Set down each line of the records once more, precisely, and omit the pictures.
*** Exercise input ***
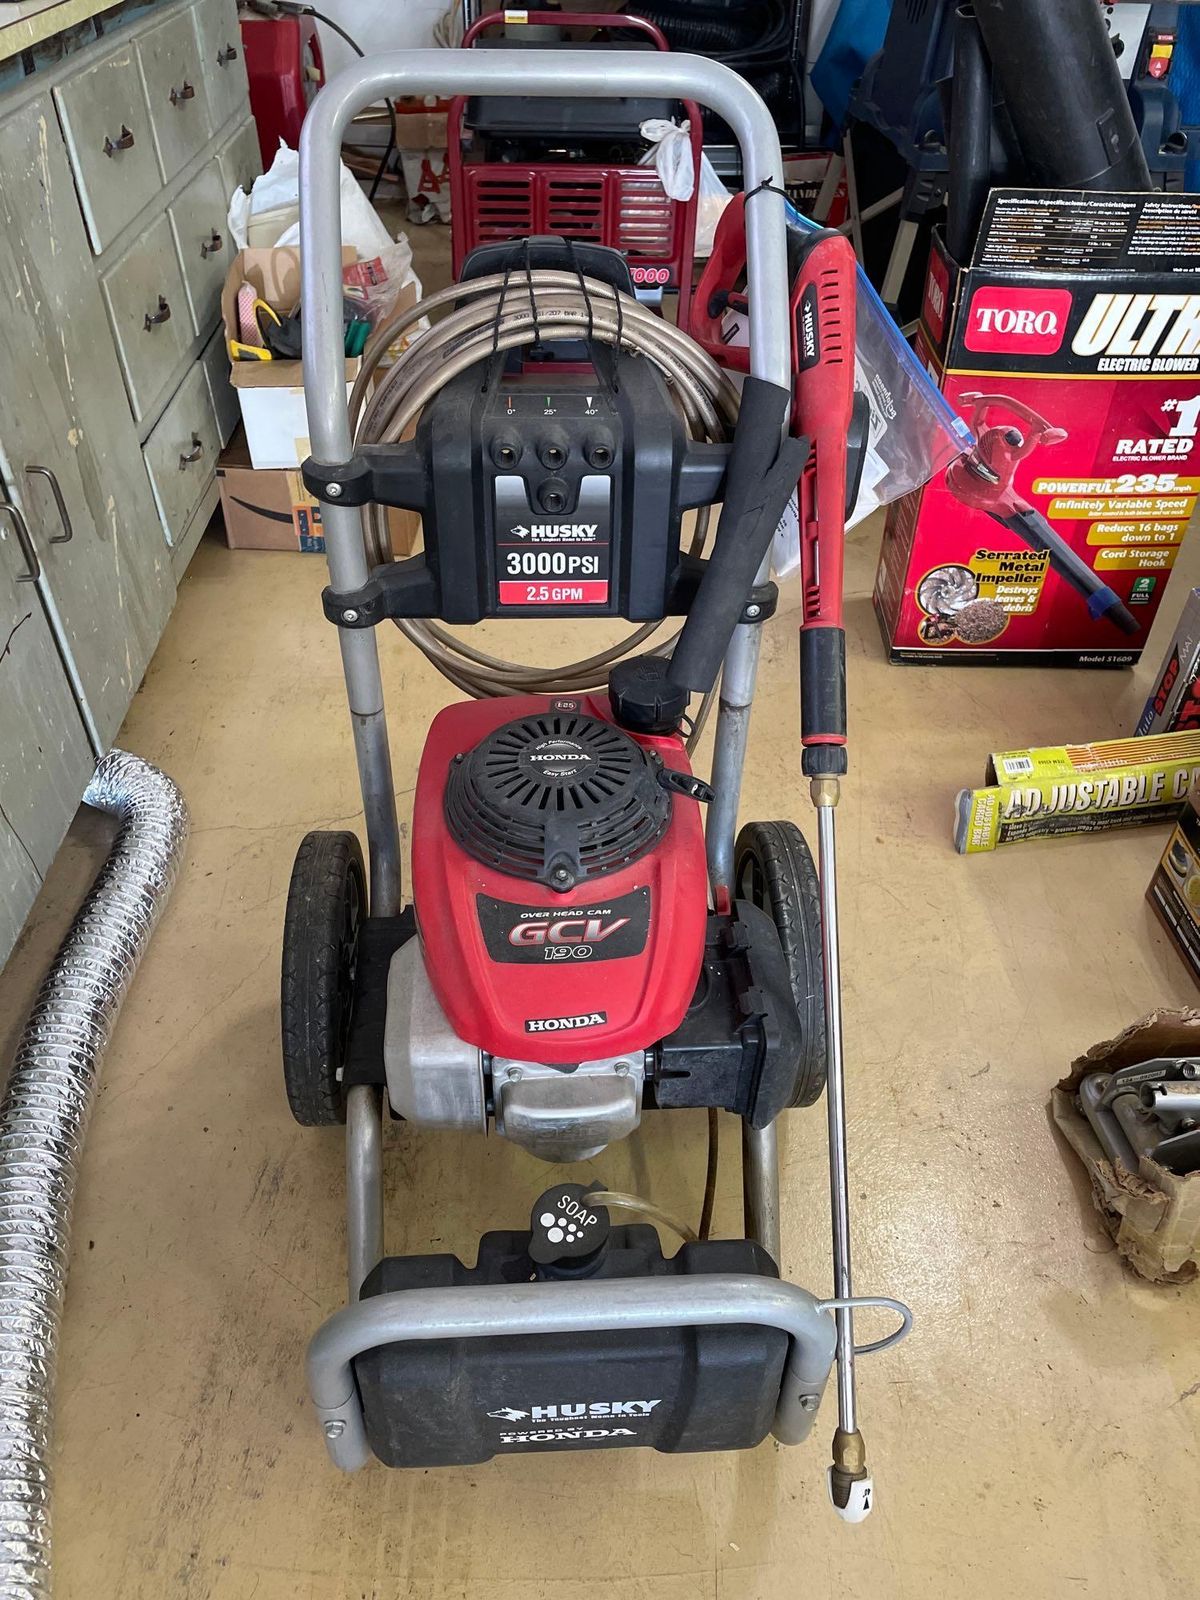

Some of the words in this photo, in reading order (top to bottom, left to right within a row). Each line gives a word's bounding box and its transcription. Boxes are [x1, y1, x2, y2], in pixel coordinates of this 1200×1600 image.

[976, 308, 1058, 335] TORO
[1071, 293, 1200, 357] ULTR
[803, 312, 815, 357] HUSKY
[1097, 358, 1150, 371] ELECTRIC
[1151, 358, 1199, 371] BLOWER
[1160, 395, 1200, 437] #1
[1115, 438, 1194, 454] RATED
[1037, 482, 1113, 493] POWERFUL
[1055, 500, 1105, 511] Infinitely
[1108, 500, 1152, 509] Variable
[1155, 499, 1188, 510] Speed
[530, 524, 598, 538] HUSKY
[1097, 523, 1135, 532] Reduce
[1139, 524, 1151, 532] 16
[1153, 522, 1179, 532] bags
[1121, 534, 1150, 542] down
[1170, 533, 1175, 541] 1
[976, 550, 1048, 560] Serrated
[1102, 550, 1126, 559] Cord
[1127, 550, 1169, 559] Storage
[507, 552, 566, 574] 3000
[568, 556, 599, 574] PSI
[999, 562, 1045, 572] Metal
[1139, 558, 1165, 567] Hook
[976, 573, 1041, 585] Impeller
[1138, 578, 1150, 588] 2
[526, 586, 549, 601] 2.5
[552, 588, 583, 600] GPM
[996, 586, 1039, 596] Destroys
[995, 595, 1024, 603] leaves
[1027, 595, 1037, 603] &
[1003, 603, 1033, 612] debris
[543, 769, 559, 777] Easy
[1003, 772, 1166, 819] ADJUSTABLE
[508, 917, 632, 947] GCV
[544, 945, 592, 960] 190
[528, 1013, 605, 1032] HONDA
[557, 1195, 598, 1226] SOAP
[531, 1400, 662, 1418] HUSKY
[500, 1428, 637, 1443] HONDA
*** End of Exercise input ***
**Reply**
Some of the words in this photo, in reading order (top to bottom, left to right within a row). Each line gives a word's bounding box and its transcription. Boxes are [x1, y1, x2, y2], in pixel coordinates of this 1200×1600 image.

[976, 308, 1058, 335] TORO
[1071, 293, 1200, 357] ULTR
[803, 312, 815, 357] HUSKY
[1097, 358, 1150, 371] ELECTRIC
[1151, 358, 1199, 371] BLOWER
[1160, 395, 1200, 437] #1
[1115, 438, 1194, 454] RATED
[1037, 482, 1113, 493] POWERFUL
[1055, 500, 1105, 511] Infinitely
[1108, 500, 1152, 509] Variable
[1155, 499, 1188, 510] Speed
[530, 524, 598, 538] HUSKY
[1097, 523, 1135, 532] Reduce
[1139, 524, 1151, 532] 16
[1153, 522, 1179, 532] bags
[1121, 534, 1150, 542] down
[1170, 533, 1175, 541] 1
[976, 550, 1048, 560] Serrated
[1102, 550, 1126, 559] Cord
[1127, 550, 1169, 559] Storage
[507, 552, 566, 574] 3000
[568, 556, 599, 574] PSI
[999, 562, 1045, 572] Metal
[1139, 558, 1165, 567] Hook
[976, 573, 1041, 585] Impeller
[1138, 578, 1150, 588] 2
[526, 586, 549, 601] 2.5
[552, 588, 583, 600] GPM
[996, 586, 1039, 596] Destroys
[995, 595, 1024, 603] leaves
[1027, 595, 1037, 603] &
[1003, 603, 1033, 612] debris
[543, 769, 559, 777] Easy
[1003, 772, 1166, 819] ADJUSTABLE
[508, 917, 632, 947] GCV
[544, 945, 592, 960] 190
[528, 1013, 605, 1032] HONDA
[557, 1195, 598, 1226] SOAP
[531, 1400, 662, 1418] HUSKY
[500, 1428, 637, 1443] HONDA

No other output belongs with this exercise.